▸ **Information provided**:
****
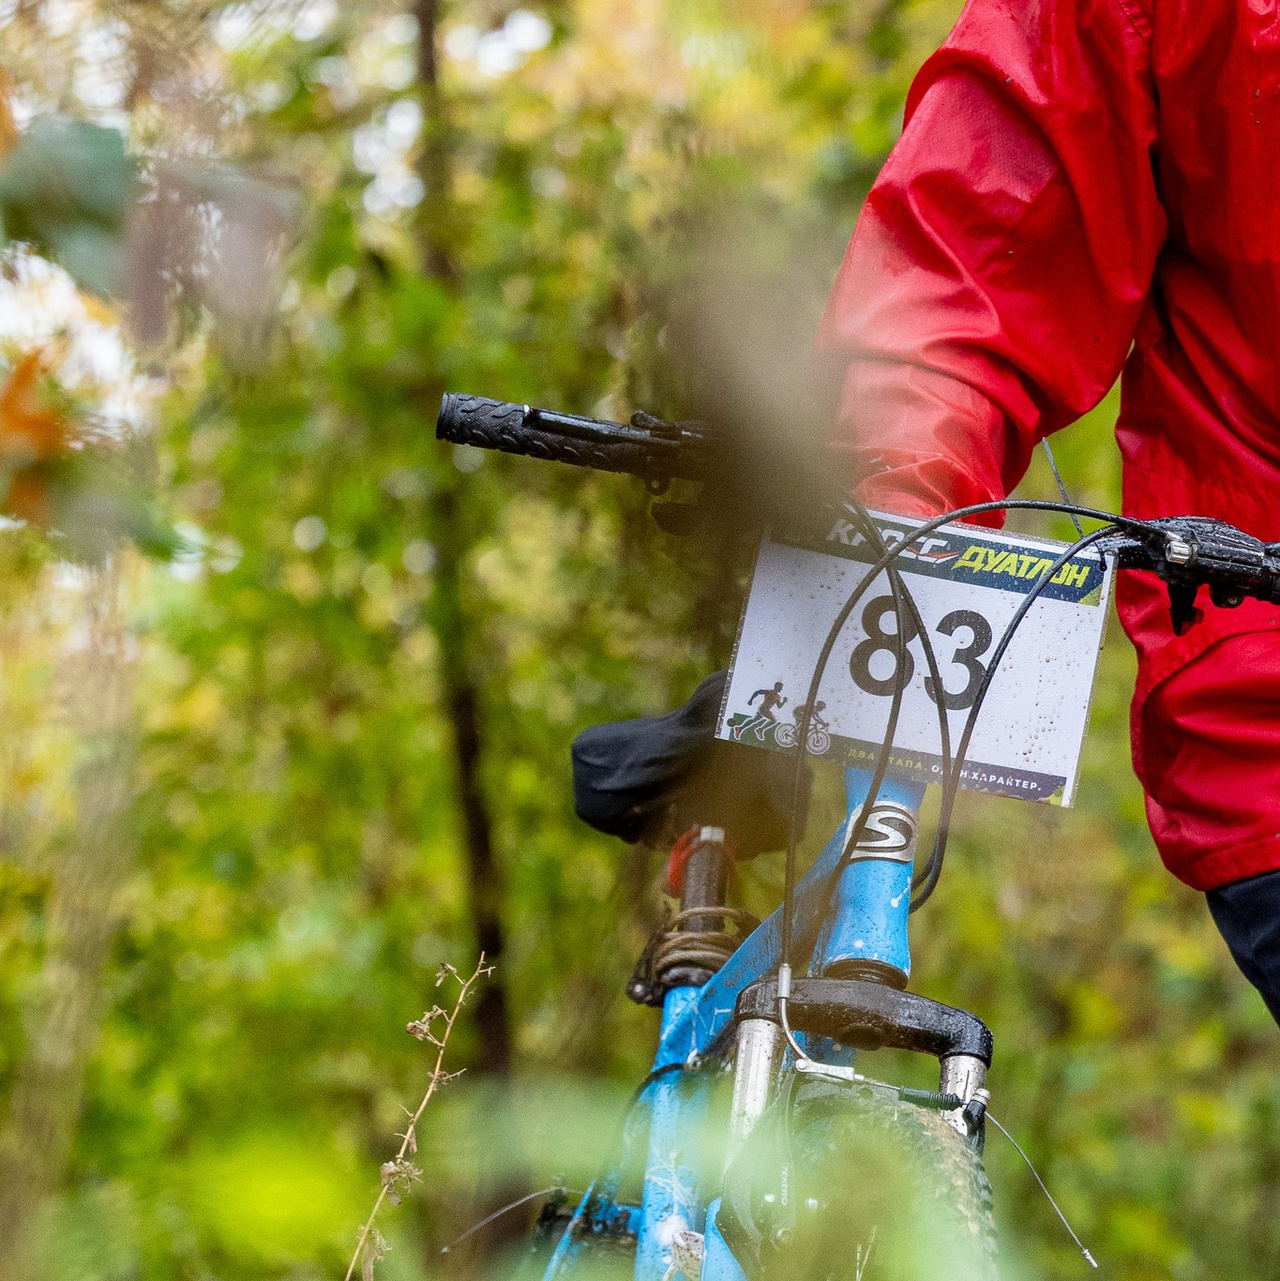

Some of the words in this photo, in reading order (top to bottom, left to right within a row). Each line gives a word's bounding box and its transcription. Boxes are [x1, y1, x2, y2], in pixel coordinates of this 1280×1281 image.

[849, 595, 993, 711] 83
[847, 747, 876, 761] ДВА
[883, 755, 929, 772] ТАПА.
[970, 771, 1042, 792] ХАРАКТЕР.
****
▸ **Task description**:
Print the records above exactly as they stand, but leave out the pictures.

▸ **Solution to this task**:
Some of the words in this photo, in reading order (top to bottom, left to right within a row). Each line gives a word's bounding box and its transcription. Boxes are [x1, y1, x2, y2], in pixel coordinates of this 1280×1281 image.

[849, 595, 993, 711] 83
[847, 747, 876, 761] ДВА
[883, 755, 929, 772] ТАПА.
[970, 771, 1042, 792] ХАРАКТЕР.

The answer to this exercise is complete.